> [What is needed]:
Write out each line of the listing as it stands, without the images.

> [Extracted entries]:
Content starts
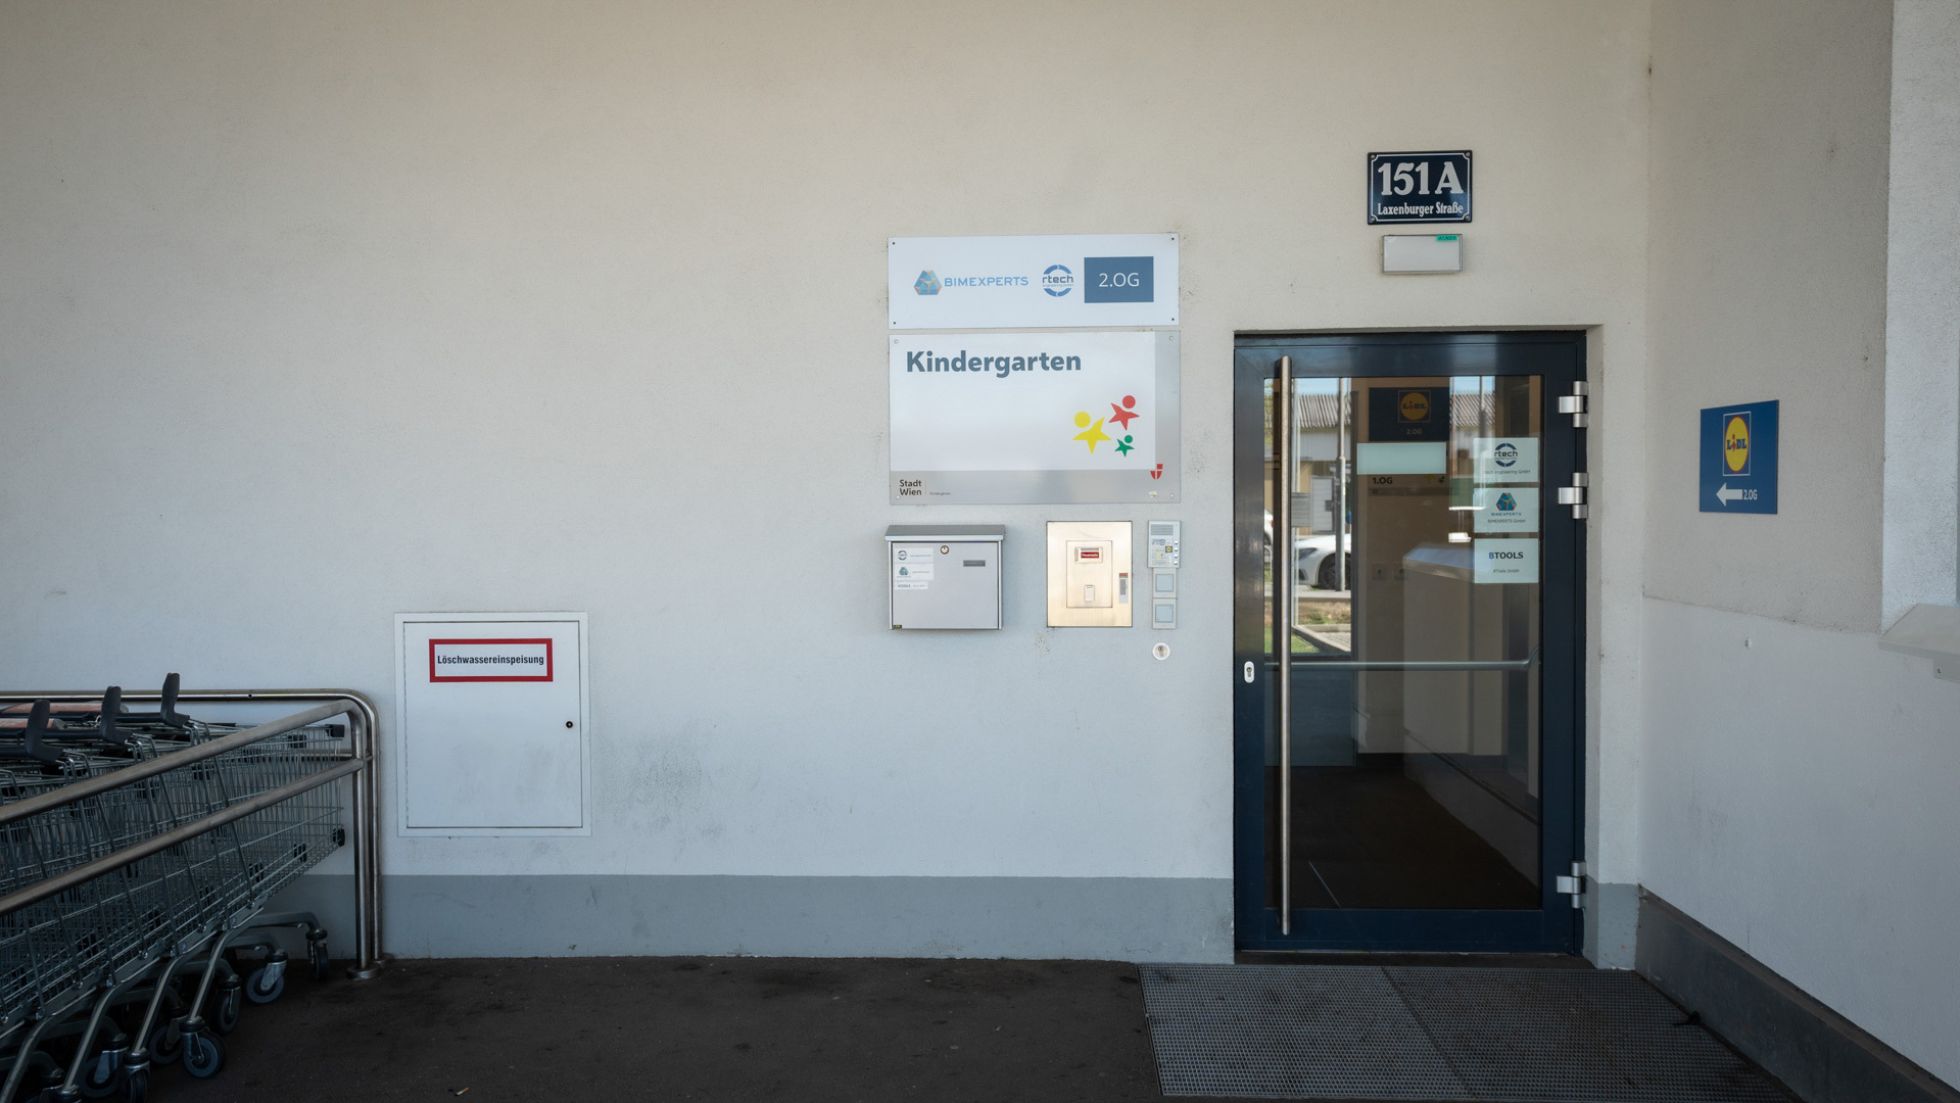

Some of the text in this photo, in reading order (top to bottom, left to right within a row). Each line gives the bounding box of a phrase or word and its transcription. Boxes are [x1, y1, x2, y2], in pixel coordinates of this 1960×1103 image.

[1377, 161, 1465, 196] 151 A
[1377, 201, 1464, 218] Laxenburger Straße
[944, 276, 1029, 287] BIMEXPERTS
[1042, 275, 1074, 284] rtech
[1098, 272, 1140, 288] 2.OG
[906, 350, 1082, 379] Kindergarten
[1494, 450, 1519, 458] rtech
[899, 479, 923, 488] Stadt
[1372, 476, 1393, 486] 1.OG
[899, 487, 923, 497] Wien
[436, 654, 545, 666] Löschwassereinspeisung
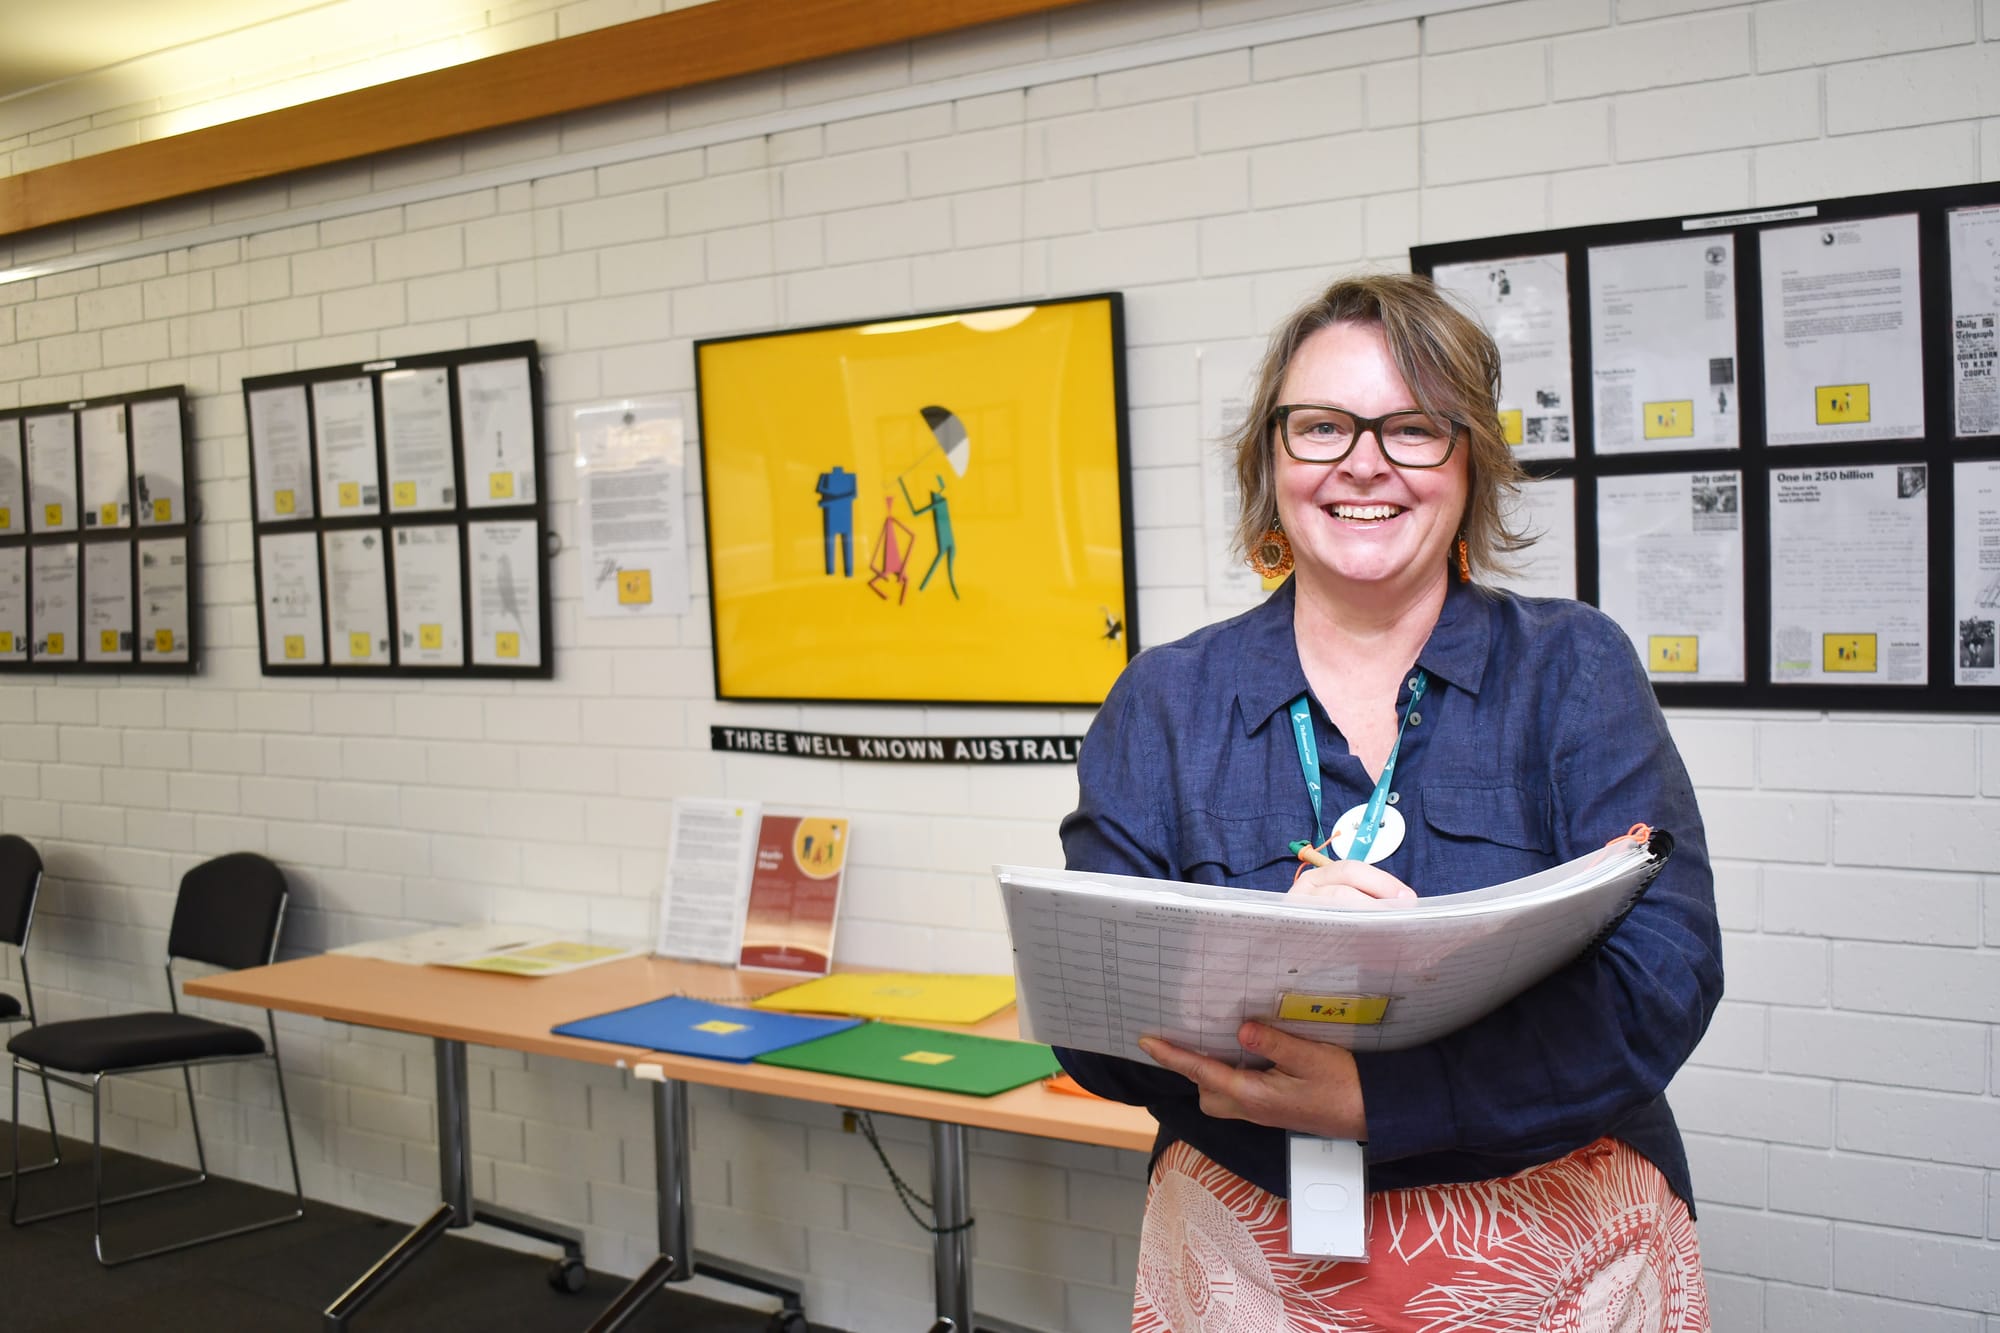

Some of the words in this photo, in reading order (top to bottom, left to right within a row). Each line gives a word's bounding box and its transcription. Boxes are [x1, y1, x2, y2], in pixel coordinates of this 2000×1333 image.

[1956, 319, 1977, 329] Daily
[1956, 329, 1994, 340] Telegraph
[1979, 351, 1998, 359] BORN
[1960, 361, 1969, 369] TO
[1963, 369, 1991, 377] COUPLE
[1777, 472, 1800, 482] One
[1802, 472, 1812, 482] in
[1815, 471, 1837, 482] 250
[1839, 469, 1875, 481] billion
[724, 730, 788, 751] THREE
[794, 735, 851, 757] WELL
[857, 738, 945, 760] KNOWN
Content ends
> [Reply]:
Some of the text in this photo, in reading order (top to bottom, left to right within a row). Each line gives the bounding box of a phrase or word and its transcription. Boxes are [x1, y1, x2, y2], in pixel coordinates of this 1960×1103 image.

[1377, 161, 1465, 196] 151 A
[1377, 201, 1464, 218] Laxenburger Straße
[944, 276, 1029, 287] BIMEXPERTS
[1042, 275, 1074, 284] rtech
[1098, 272, 1140, 288] 2.OG
[906, 350, 1082, 379] Kindergarten
[1494, 450, 1519, 458] rtech
[899, 479, 923, 488] Stadt
[1372, 476, 1393, 486] 1.OG
[899, 487, 923, 497] Wien
[436, 654, 545, 666] Löschwassereinspeisung

Some of the words in this photo, in reading order (top to bottom, left to right within a row). Each line gives a word's bounding box and its transcription. Boxes are [x1, y1, x2, y2], in pixel coordinates of this 2000×1333 image.

[1956, 319, 1977, 329] Daily
[1956, 329, 1994, 340] Telegraph
[1979, 351, 1998, 359] BORN
[1960, 361, 1969, 369] TO
[1963, 369, 1991, 377] COUPLE
[1777, 472, 1800, 482] One
[1802, 472, 1812, 482] in
[1815, 471, 1837, 482] 250
[1839, 469, 1875, 481] billion
[724, 730, 788, 751] THREE
[794, 735, 851, 757] WELL
[857, 738, 945, 760] KNOWN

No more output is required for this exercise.